▶ _Task requirements_: Leave out the pictures and copy everything else in the entries exactly.
======== Recorded data ========
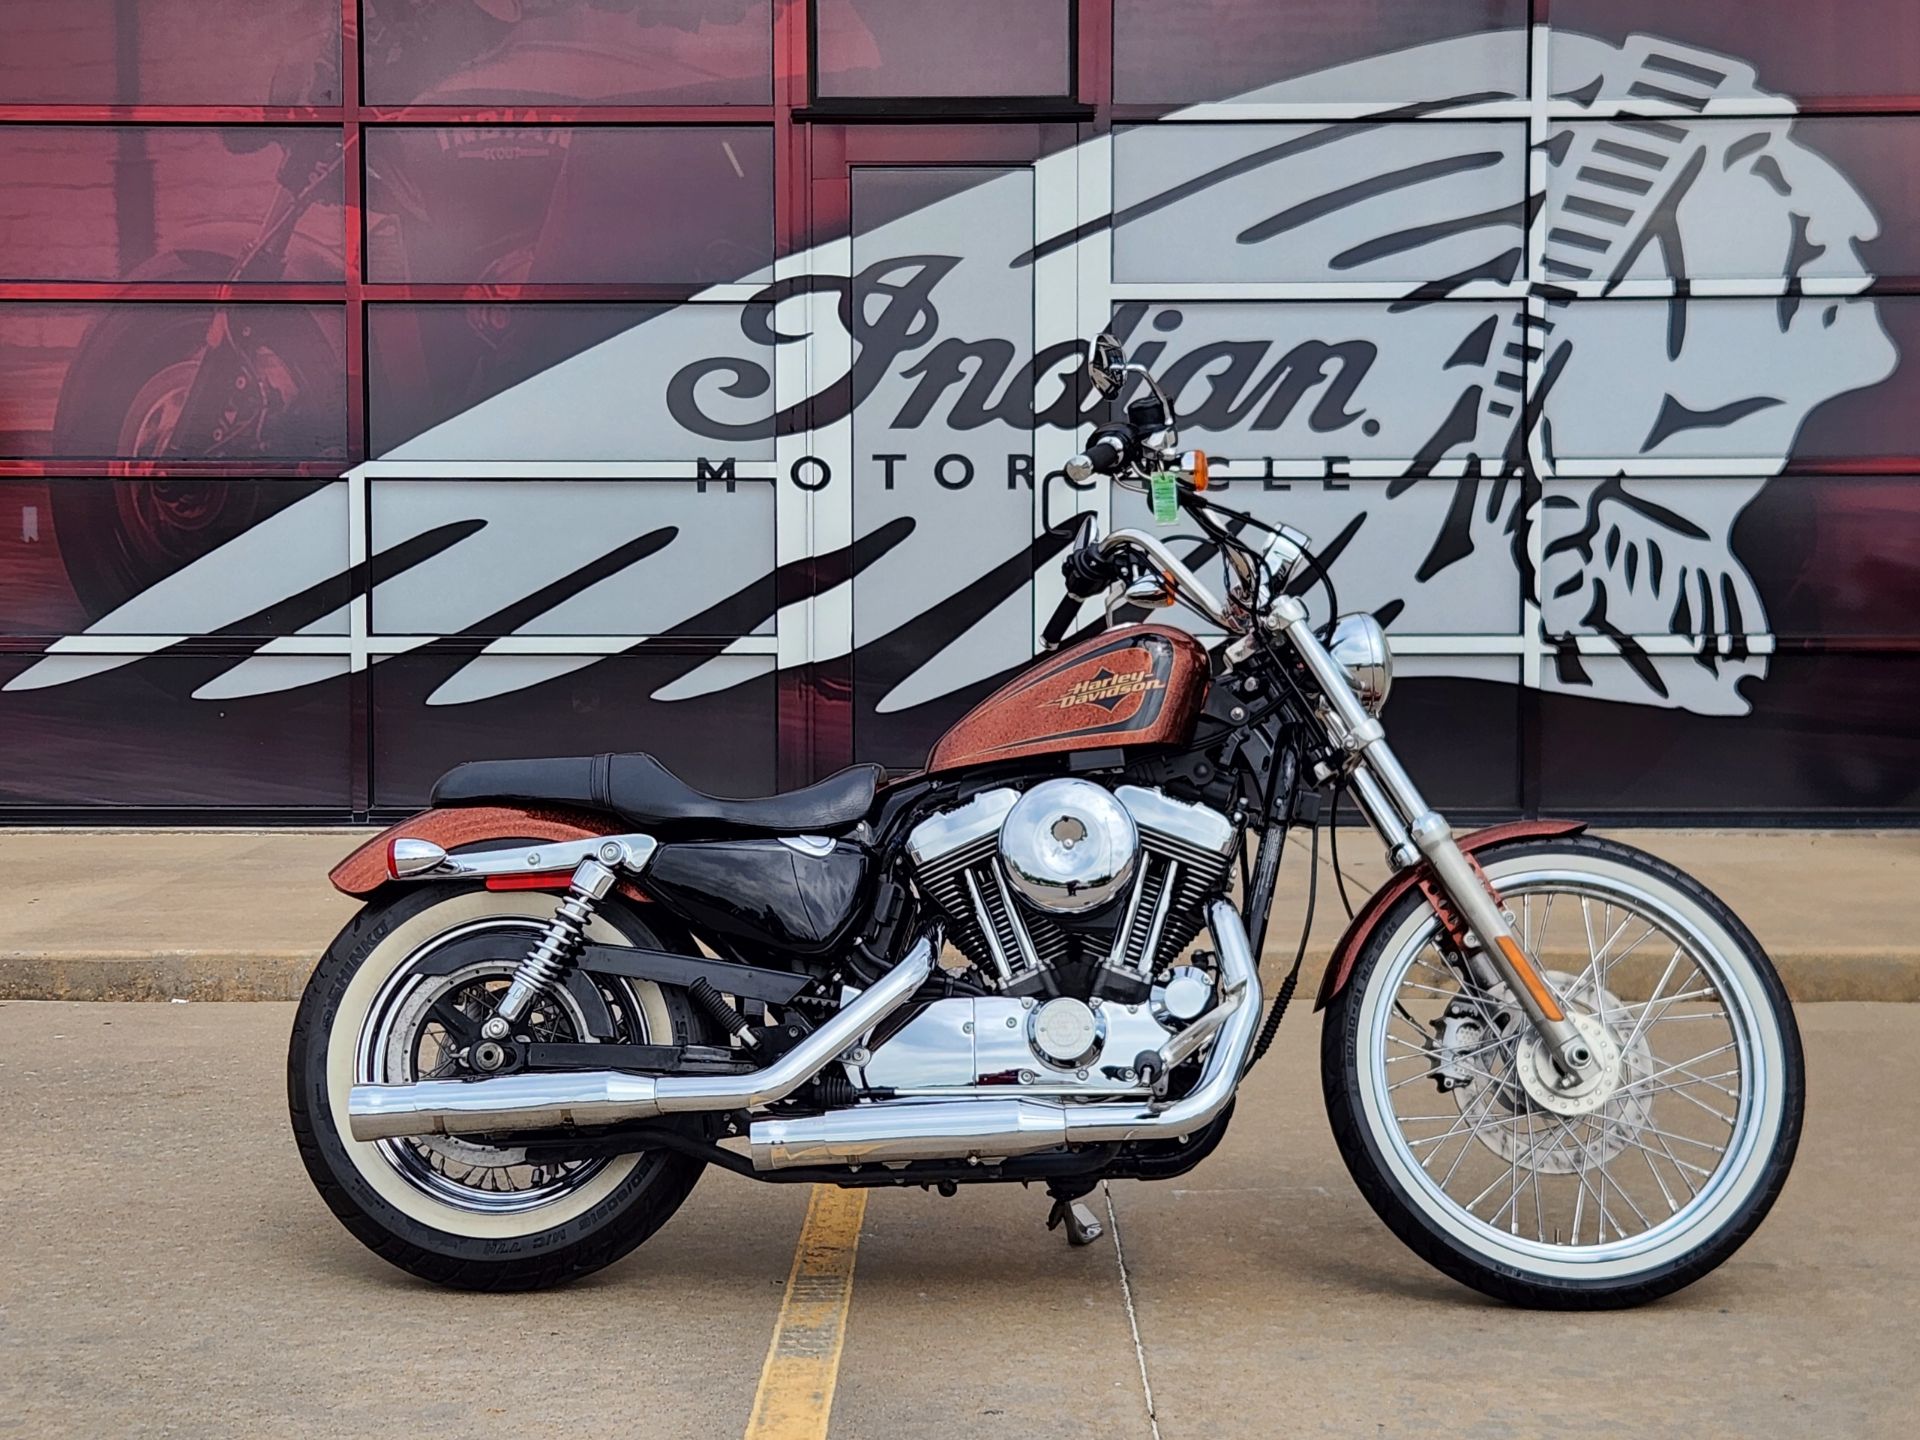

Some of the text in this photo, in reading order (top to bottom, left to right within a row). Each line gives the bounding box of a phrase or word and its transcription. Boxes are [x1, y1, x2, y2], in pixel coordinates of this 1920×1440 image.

[697, 454, 1350, 493] MOTORCLE
[1040, 678, 1165, 708] Davidson
[1063, 671, 1154, 697] Harley-
[327, 917, 389, 1002] SHINKO
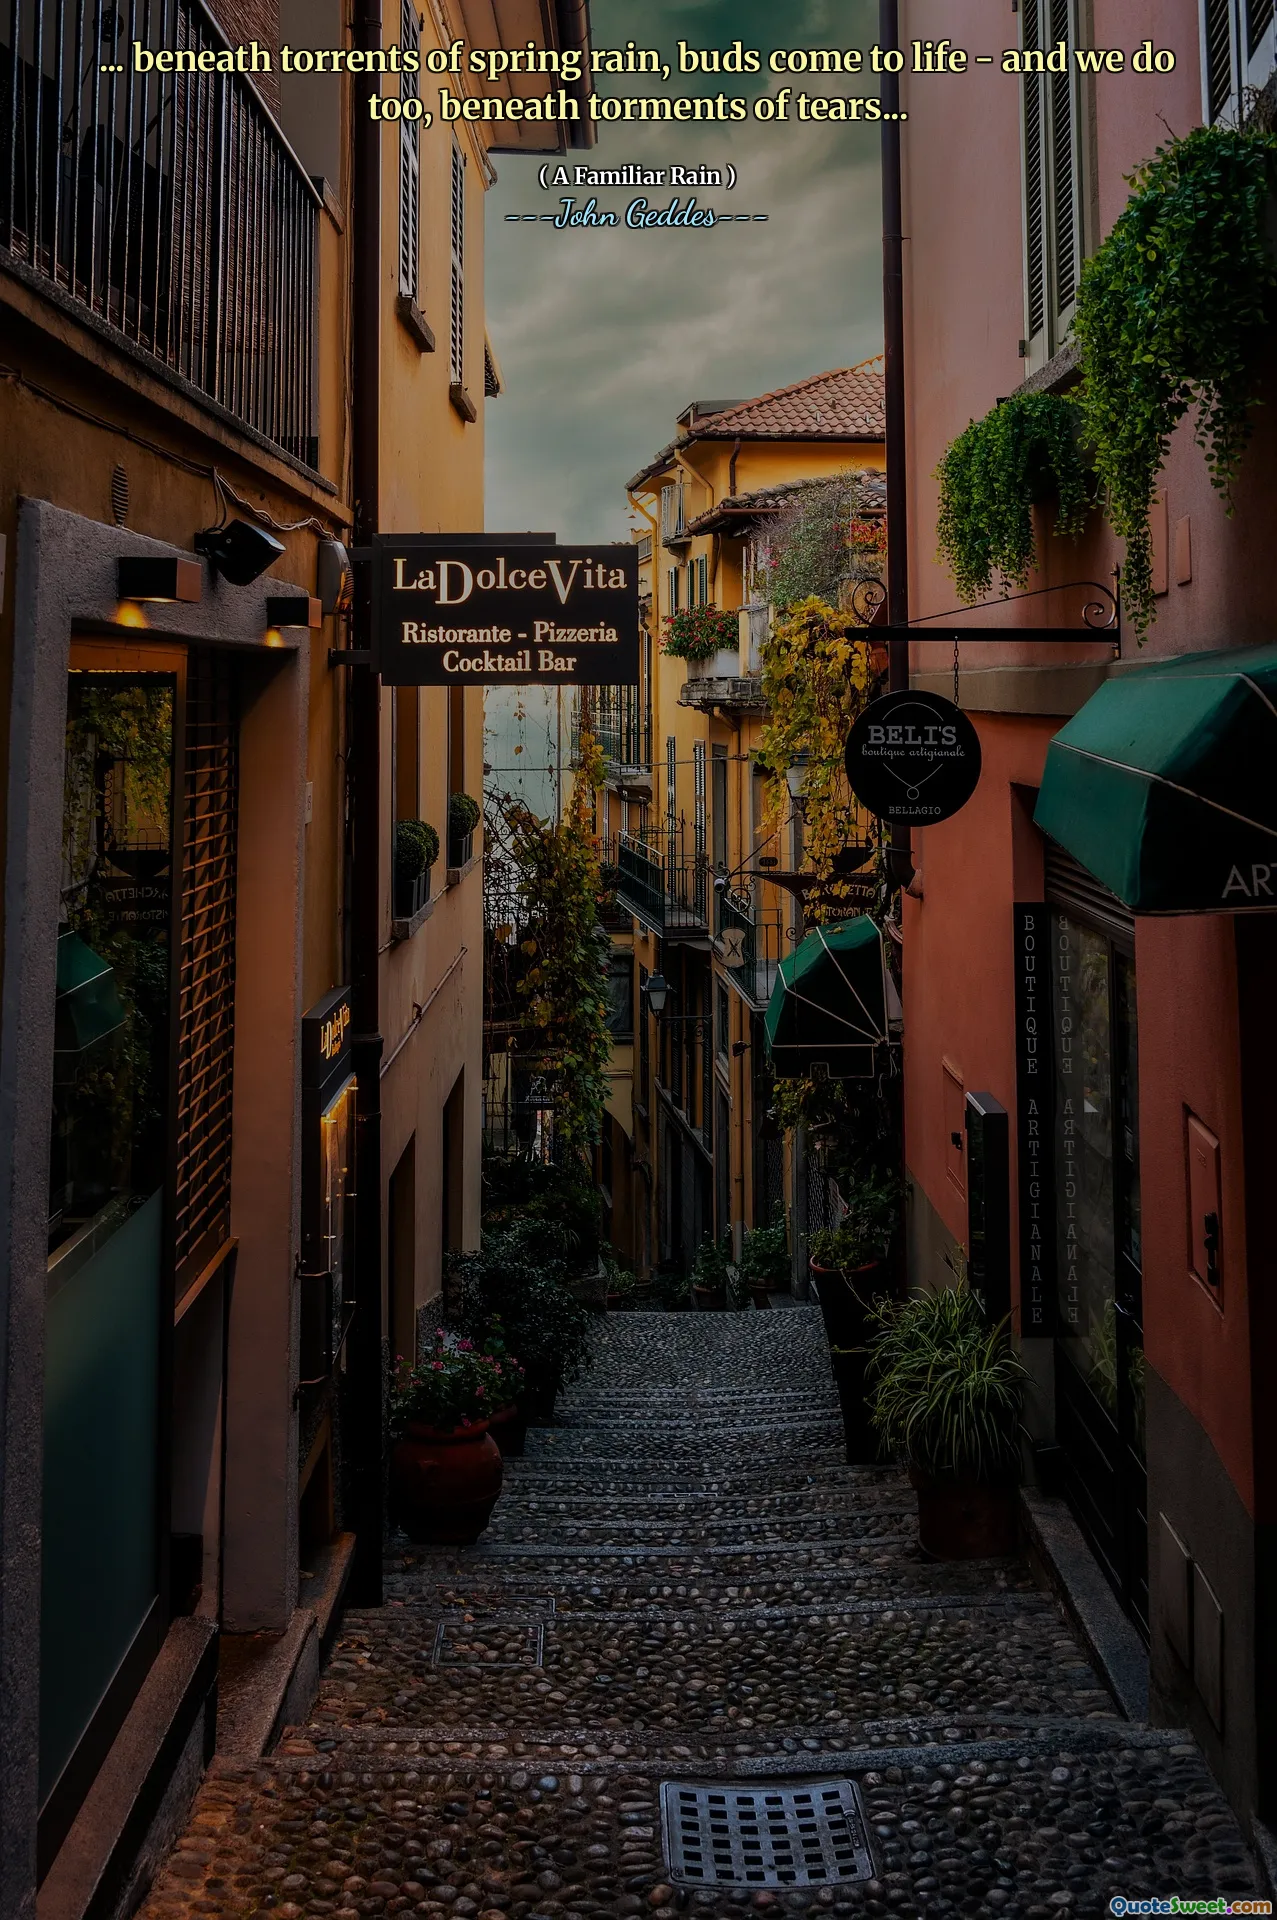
========
▶ _Answer area_:
Some of the text in this photo, in reading order (top to bottom, left to right within a row). Each line gives the bounding box of a phrase or word and its transcription. Boxes are [x1, y1, x2, y2], in pixel coordinates of this 1920×1440 image.

[697, 454, 1350, 493] MOTORCLE
[1040, 678, 1165, 708] Davidson
[1063, 671, 1154, 697] Harley-
[327, 917, 389, 1002] SHINKO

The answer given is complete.